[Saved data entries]

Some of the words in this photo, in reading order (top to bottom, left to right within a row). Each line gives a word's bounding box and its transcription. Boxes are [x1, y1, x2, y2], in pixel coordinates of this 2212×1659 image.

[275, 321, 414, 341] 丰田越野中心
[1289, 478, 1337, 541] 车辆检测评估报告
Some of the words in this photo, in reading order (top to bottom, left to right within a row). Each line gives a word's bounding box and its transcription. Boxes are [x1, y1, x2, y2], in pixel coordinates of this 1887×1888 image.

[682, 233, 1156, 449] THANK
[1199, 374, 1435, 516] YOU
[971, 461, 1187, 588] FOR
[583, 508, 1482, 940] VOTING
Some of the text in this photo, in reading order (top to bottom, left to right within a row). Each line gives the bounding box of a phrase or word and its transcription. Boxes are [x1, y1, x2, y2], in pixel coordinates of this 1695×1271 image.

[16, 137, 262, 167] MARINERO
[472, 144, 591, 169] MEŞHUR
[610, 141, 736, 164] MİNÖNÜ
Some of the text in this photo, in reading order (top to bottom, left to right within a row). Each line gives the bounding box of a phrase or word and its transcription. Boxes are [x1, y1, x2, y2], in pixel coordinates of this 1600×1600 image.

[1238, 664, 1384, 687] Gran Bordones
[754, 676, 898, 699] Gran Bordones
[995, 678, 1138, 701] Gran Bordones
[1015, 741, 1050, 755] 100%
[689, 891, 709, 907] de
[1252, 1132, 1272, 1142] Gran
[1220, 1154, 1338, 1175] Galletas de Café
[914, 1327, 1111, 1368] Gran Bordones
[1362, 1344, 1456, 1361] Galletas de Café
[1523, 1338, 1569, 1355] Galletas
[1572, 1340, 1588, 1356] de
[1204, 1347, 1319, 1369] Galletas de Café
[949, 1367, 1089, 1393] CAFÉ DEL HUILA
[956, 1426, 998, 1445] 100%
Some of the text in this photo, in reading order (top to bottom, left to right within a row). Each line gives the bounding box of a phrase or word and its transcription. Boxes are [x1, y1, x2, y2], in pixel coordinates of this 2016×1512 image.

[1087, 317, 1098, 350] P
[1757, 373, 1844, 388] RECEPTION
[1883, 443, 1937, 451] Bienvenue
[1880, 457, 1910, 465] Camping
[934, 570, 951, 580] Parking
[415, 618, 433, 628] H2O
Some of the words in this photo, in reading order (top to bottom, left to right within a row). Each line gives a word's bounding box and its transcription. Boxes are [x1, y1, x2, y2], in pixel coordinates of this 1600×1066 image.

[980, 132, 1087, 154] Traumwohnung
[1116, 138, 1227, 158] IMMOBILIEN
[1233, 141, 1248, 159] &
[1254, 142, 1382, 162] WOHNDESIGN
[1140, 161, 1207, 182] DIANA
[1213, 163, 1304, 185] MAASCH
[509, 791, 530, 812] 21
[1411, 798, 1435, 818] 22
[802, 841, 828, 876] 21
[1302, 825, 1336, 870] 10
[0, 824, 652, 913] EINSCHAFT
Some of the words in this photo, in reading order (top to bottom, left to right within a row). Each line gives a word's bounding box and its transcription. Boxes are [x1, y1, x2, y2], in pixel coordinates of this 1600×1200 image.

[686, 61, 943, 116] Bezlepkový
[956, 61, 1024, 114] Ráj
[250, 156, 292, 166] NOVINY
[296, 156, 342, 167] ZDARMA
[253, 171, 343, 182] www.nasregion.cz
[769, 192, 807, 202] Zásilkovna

Exercise description —
Repeat each entry exactly as it was given.

Written response —
Some of the words in this photo, in reading order (top to bottom, left to right within a row). Each line gives a word's bounding box and its transcription. Boxes are [x1, y1, x2, y2], in pixel coordinates of this 2212×1659 image.

[275, 321, 414, 341] 丰田越野中心
[1289, 478, 1337, 541] 车辆检测评估报告
Some of the words in this photo, in reading order (top to bottom, left to right within a row). Each line gives a word's bounding box and its transcription. Boxes are [x1, y1, x2, y2], in pixel coordinates of this 1887×1888 image.

[682, 233, 1156, 449] THANK
[1199, 374, 1435, 516] YOU
[971, 461, 1187, 588] FOR
[583, 508, 1482, 940] VOTING
Some of the text in this photo, in reading order (top to bottom, left to right within a row). Each line gives the bounding box of a phrase or word and its transcription. Boxes are [x1, y1, x2, y2], in pixel coordinates of this 1695×1271 image.

[16, 137, 262, 167] MARINERO
[472, 144, 591, 169] MEŞHUR
[610, 141, 736, 164] MİNÖNÜ
Some of the text in this photo, in reading order (top to bottom, left to right within a row). Each line gives the bounding box of a phrase or word and its transcription. Boxes are [x1, y1, x2, y2], in pixel coordinates of this 1600×1600 image.

[1238, 664, 1384, 687] Gran Bordones
[754, 676, 898, 699] Gran Bordones
[995, 678, 1138, 701] Gran Bordones
[1015, 741, 1050, 755] 100%
[689, 891, 709, 907] de
[1252, 1132, 1272, 1142] Gran
[1220, 1154, 1338, 1175] Galletas de Café
[914, 1327, 1111, 1368] Gran Bordones
[1362, 1344, 1456, 1361] Galletas de Café
[1523, 1338, 1569, 1355] Galletas
[1572, 1340, 1588, 1356] de
[1204, 1347, 1319, 1369] Galletas de Café
[949, 1367, 1089, 1393] CAFÉ DEL HUILA
[956, 1426, 998, 1445] 100%
Some of the text in this photo, in reading order (top to bottom, left to right within a row). Each line gives the bounding box of a phrase or word and its transcription. Boxes are [x1, y1, x2, y2], in pixel coordinates of this 2016×1512 image.

[1087, 317, 1098, 350] P
[1757, 373, 1844, 388] RECEPTION
[1883, 443, 1937, 451] Bienvenue
[1880, 457, 1910, 465] Camping
[934, 570, 951, 580] Parking
[415, 618, 433, 628] H2O
Some of the words in this photo, in reading order (top to bottom, left to right within a row). Each line gives a word's bounding box and its transcription. Boxes are [x1, y1, x2, y2], in pixel coordinates of this 1600×1066 image.

[980, 132, 1087, 154] Traumwohnung
[1116, 138, 1227, 158] IMMOBILIEN
[1233, 141, 1248, 159] &
[1254, 142, 1382, 162] WOHNDESIGN
[1140, 161, 1207, 182] DIANA
[1213, 163, 1304, 185] MAASCH
[509, 791, 530, 812] 21
[1411, 798, 1435, 818] 22
[802, 841, 828, 876] 21
[1302, 825, 1336, 870] 10
[0, 824, 652, 913] EINSCHAFT
Some of the words in this photo, in reading order (top to bottom, left to right within a row). Each line gives a word's bounding box and its transcription. Boxes are [x1, y1, x2, y2], in pixel coordinates of this 1600×1200 image.

[686, 61, 943, 116] Bezlepkový
[956, 61, 1024, 114] Ráj
[250, 156, 292, 166] NOVINY
[296, 156, 342, 167] ZDARMA
[253, 171, 343, 182] www.nasregion.cz
[769, 192, 807, 202] Zásilkovna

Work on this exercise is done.